>>>>
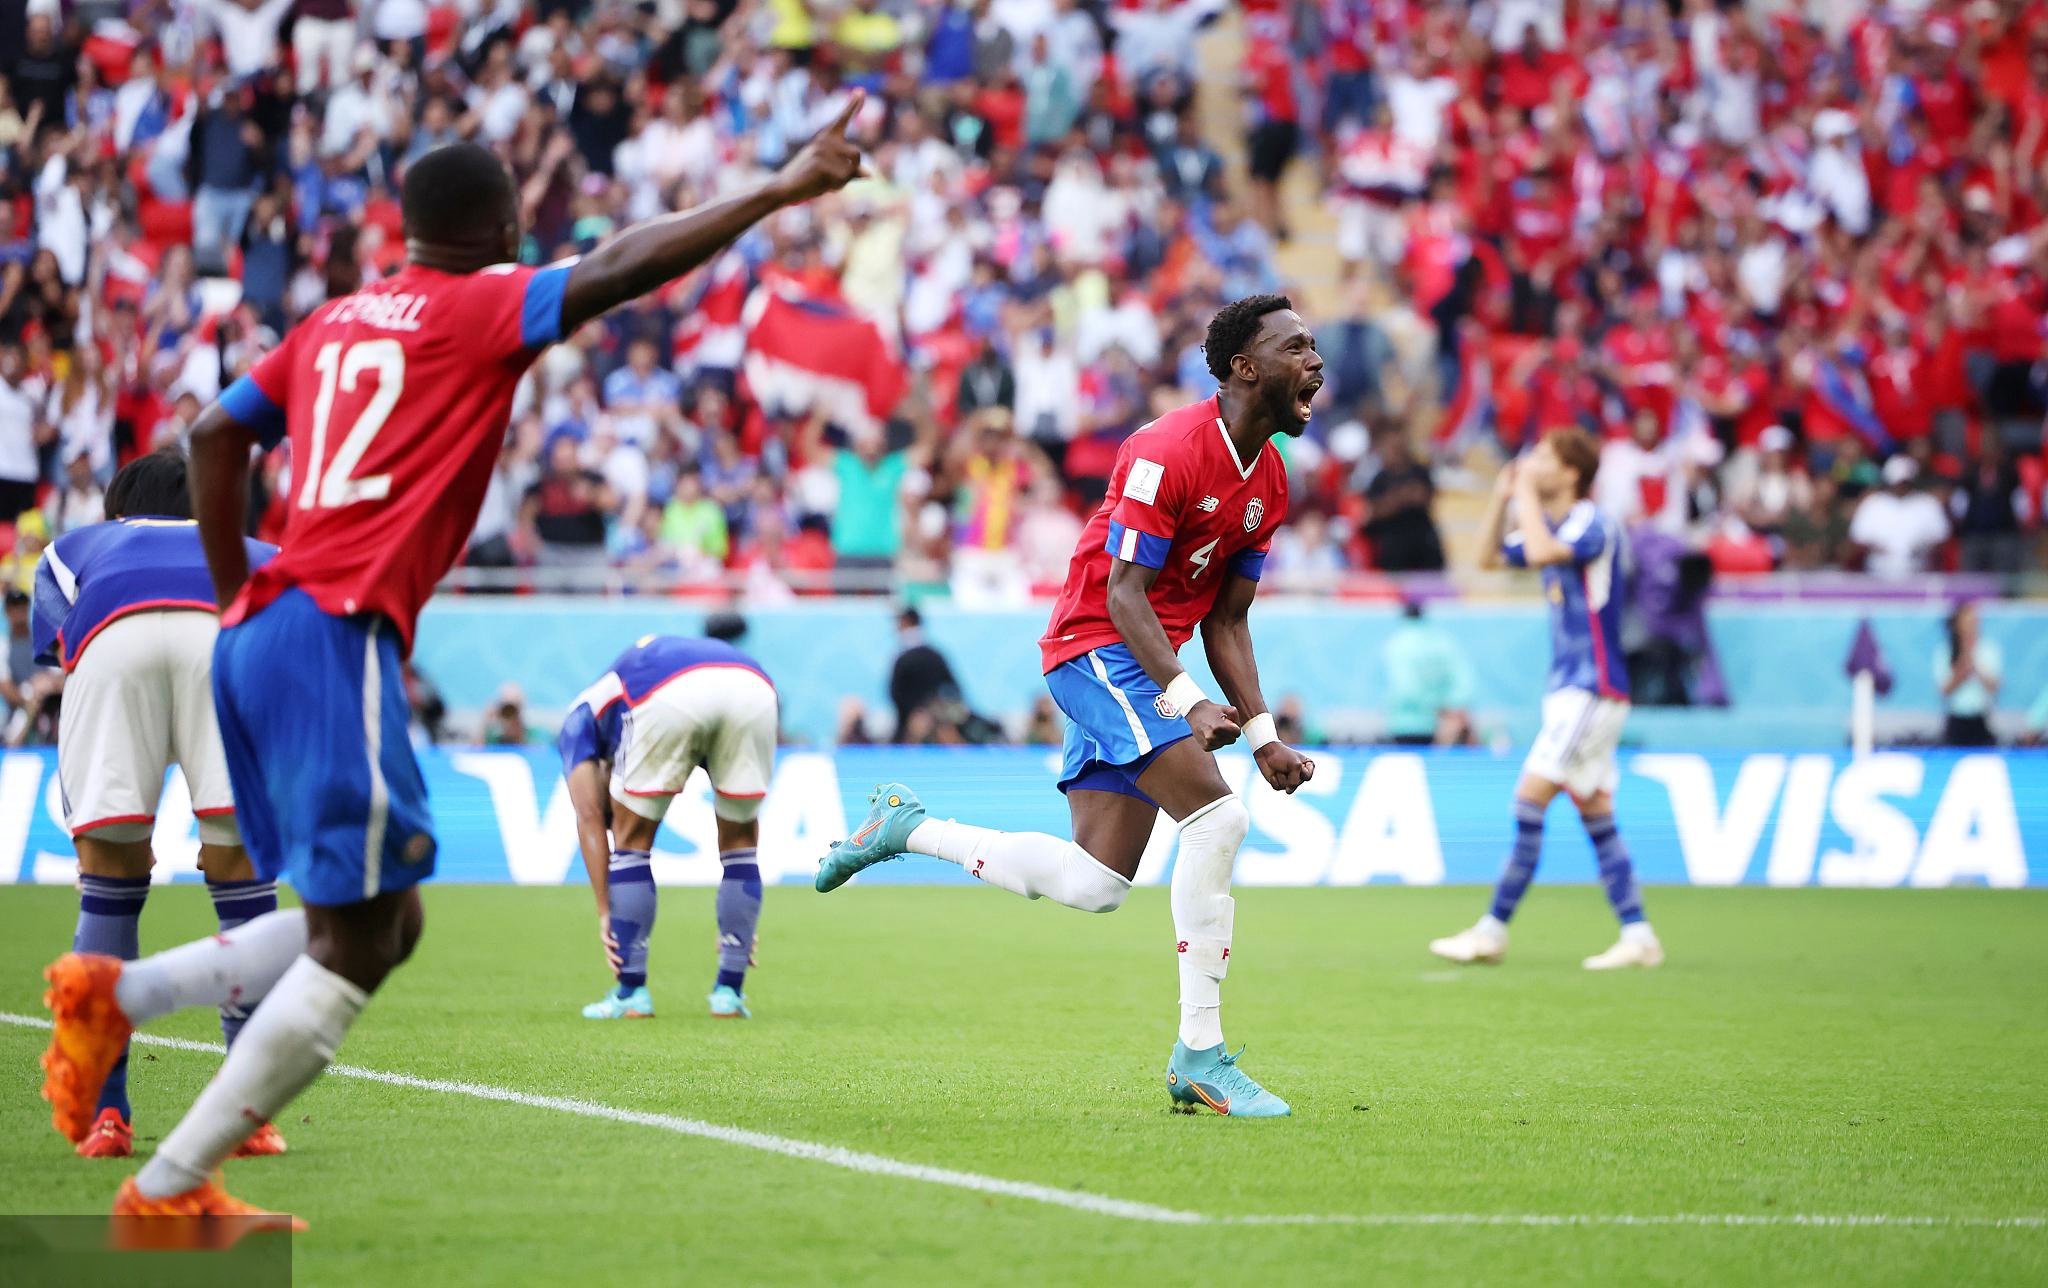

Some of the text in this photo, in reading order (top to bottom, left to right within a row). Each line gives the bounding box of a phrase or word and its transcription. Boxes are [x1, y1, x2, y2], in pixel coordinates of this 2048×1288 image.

[298, 338, 406, 511] 12
[1188, 536, 1221, 580] 4
[451, 752, 850, 886] VSA
[1631, 752, 2029, 888] VISA
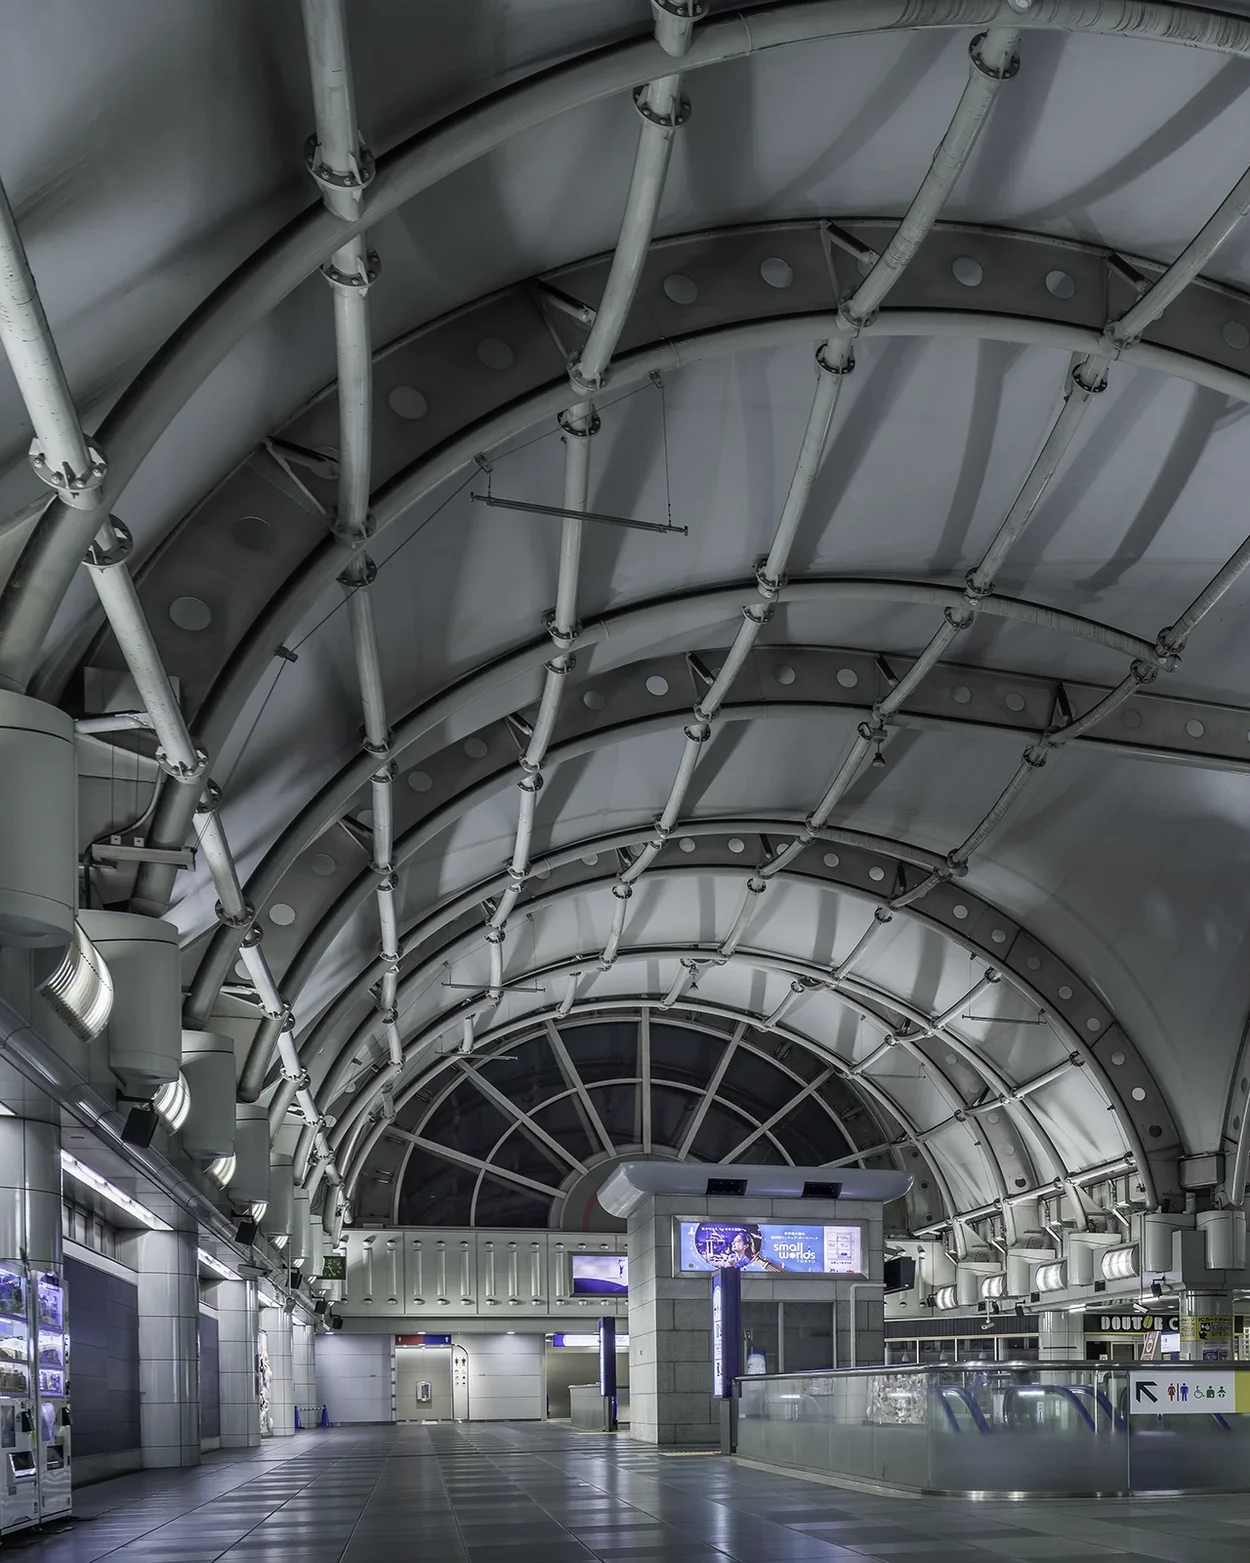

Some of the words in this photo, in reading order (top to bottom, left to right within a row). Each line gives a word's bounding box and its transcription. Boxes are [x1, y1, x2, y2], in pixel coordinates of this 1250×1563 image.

[773, 1242, 803, 1252] small
[778, 1249, 816, 1260] worlds
[1101, 1316, 1162, 1330] DOUTOR
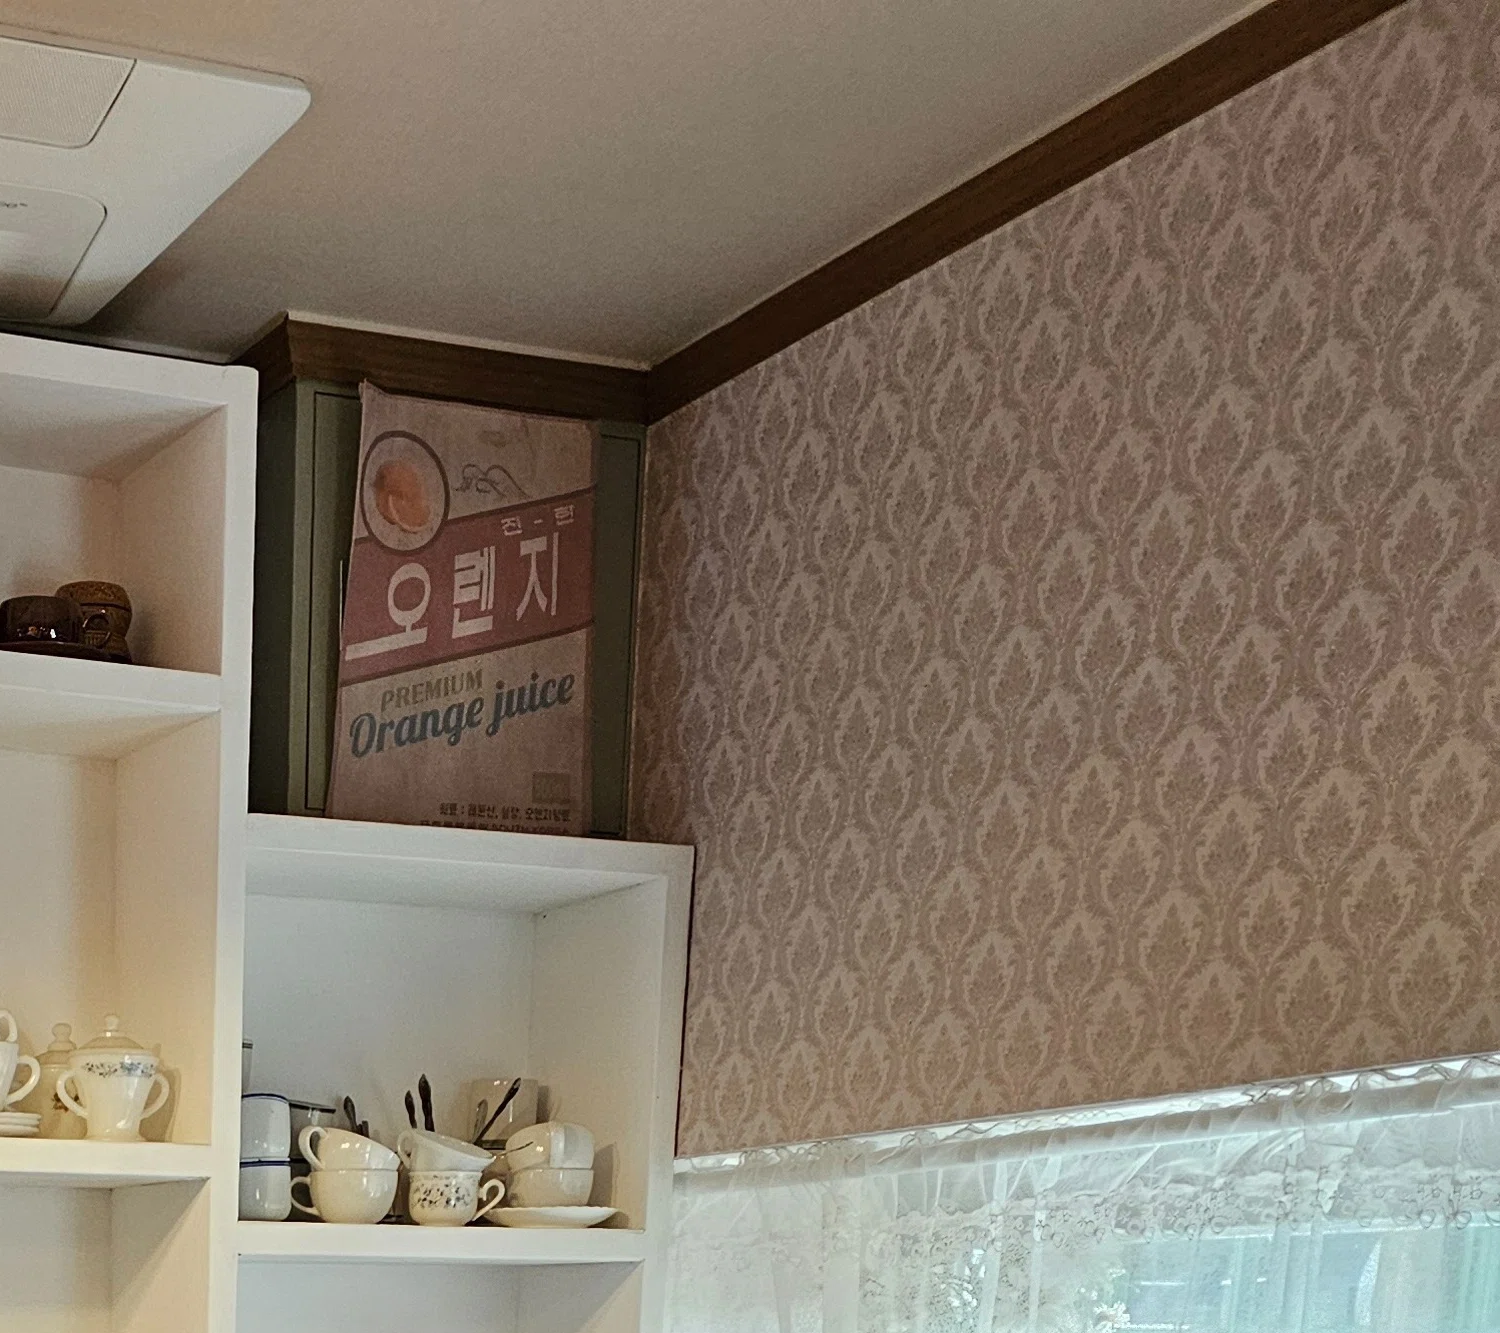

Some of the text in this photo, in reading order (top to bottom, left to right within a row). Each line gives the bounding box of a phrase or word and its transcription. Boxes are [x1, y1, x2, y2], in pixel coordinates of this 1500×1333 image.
<<<<
TRY IT - Without the pictures, write out the whole listing above exactly as it appears.

TASK RESULT -
Some of the text in this photo, in reading order (top to bottom, left to right within a row). Each line gives the bounding box of a phrase or word and its transcription. Boxes are [x1, y1, x2, y2], in pixel coordinates of this 2048×1288 image.

[298, 338, 406, 511] 12
[1188, 536, 1221, 580] 4
[451, 752, 850, 886] VSA
[1631, 752, 2029, 888] VISA

Some of the words in this photo, in reading order (top to bottom, left to right within a row). Each line gives a word's bounding box and its transcription. Boxes are [x1, y1, x2, y2], in pixel coordinates of this 1250×1563 image.

[773, 1242, 803, 1252] small
[778, 1249, 816, 1260] worlds
[1101, 1316, 1162, 1330] DOUTOR

Some of the text in this photo, in reading order (top to bottom, left to right within a row). Each line gives the bounding box of a phrase or word and its transcription. Boxes are [x1, y1, x2, y2], in pixel coordinates of this 1500×1333 image.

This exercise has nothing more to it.